• **Data for this exercise**:
----

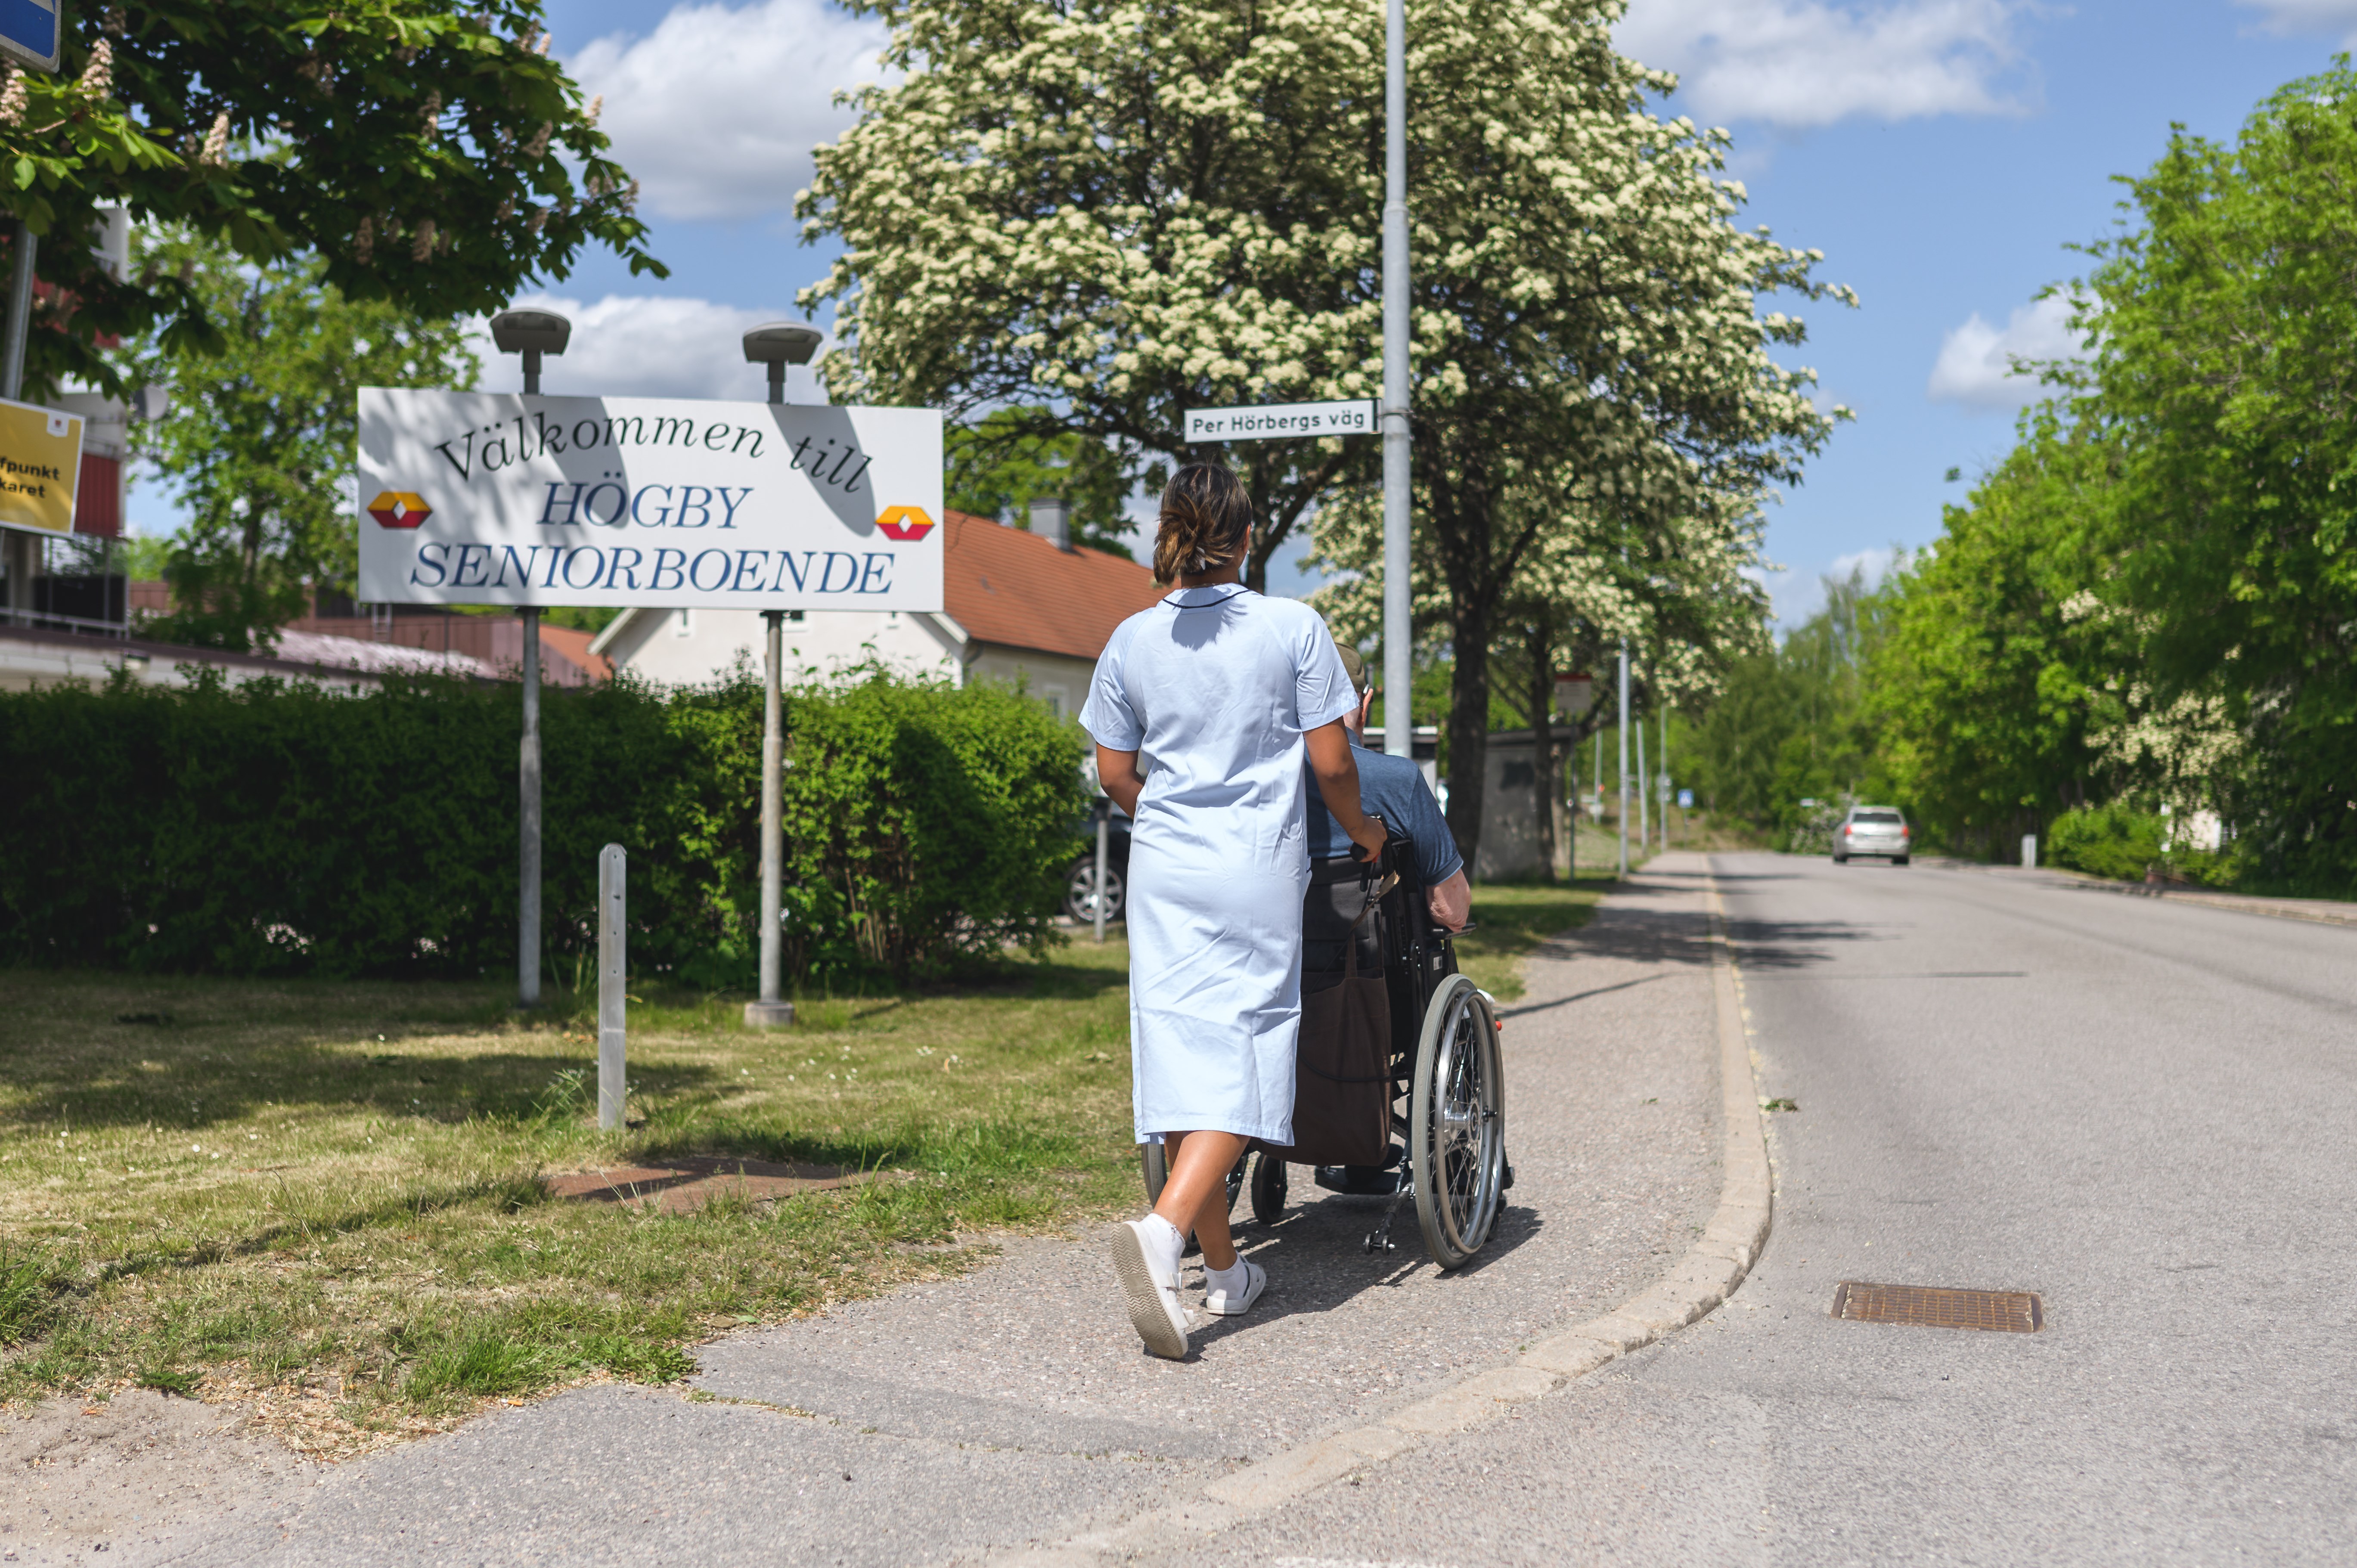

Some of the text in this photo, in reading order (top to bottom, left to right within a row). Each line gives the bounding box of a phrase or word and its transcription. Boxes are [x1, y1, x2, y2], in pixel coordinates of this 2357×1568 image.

[1193, 410, 1365, 433] Per Hörbergs väg
[434, 412, 874, 493] Välkommen till
[535, 470, 755, 530] HÖGBY
[409, 541, 896, 594] SENIORBOENDE
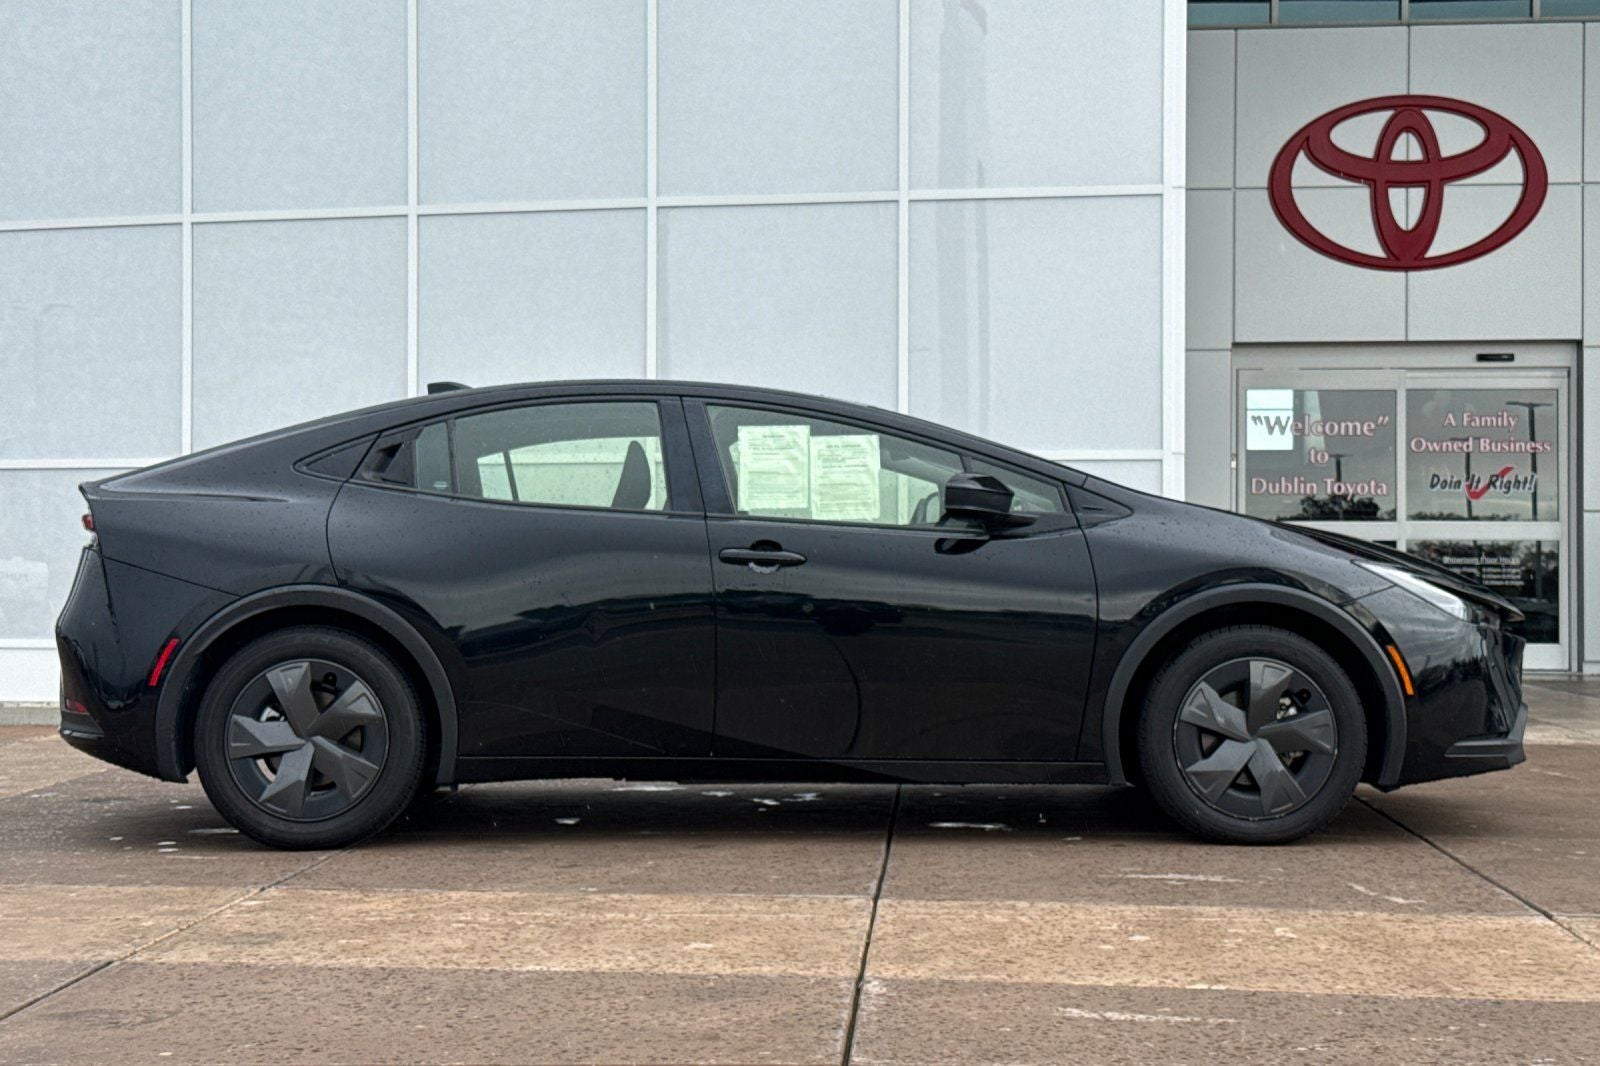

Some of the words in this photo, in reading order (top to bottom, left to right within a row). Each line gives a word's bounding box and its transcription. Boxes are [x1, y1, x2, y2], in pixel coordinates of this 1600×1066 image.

[1443, 412, 1456, 427] A
[1463, 411, 1517, 432] Family
[1410, 436, 1473, 452] Owned
[1480, 436, 1551, 452] Business
[1310, 448, 1329, 463] to
[1251, 476, 1317, 495] Dublin
[1323, 478, 1387, 500] Toyota
[1469, 474, 1481, 490] It
[1487, 474, 1535, 494] Right!

----

Could you reproduce all of the data above exactly and skip any image?

Some of the text in this photo, in reading order (top to bottom, left to right within a row). Each line gives the bounding box of a phrase or word and its transcription. Boxes are [x1, y1, x2, y2], in pixel coordinates of this 2357×1568 image.

[1193, 410, 1365, 433] Per Hörbergs väg
[434, 412, 874, 493] Välkommen till
[535, 470, 755, 530] HÖGBY
[409, 541, 896, 594] SENIORBOENDE

Some of the words in this photo, in reading order (top to bottom, left to right within a row). Each line gives a word's bounding box and its transcription. Boxes are [x1, y1, x2, y2], in pixel coordinates of this 1600×1066 image.

[1443, 412, 1456, 427] A
[1463, 411, 1517, 432] Family
[1410, 436, 1473, 452] Owned
[1480, 436, 1551, 452] Business
[1310, 448, 1329, 463] to
[1251, 476, 1317, 495] Dublin
[1323, 478, 1387, 500] Toyota
[1469, 474, 1481, 490] It
[1487, 474, 1535, 494] Right!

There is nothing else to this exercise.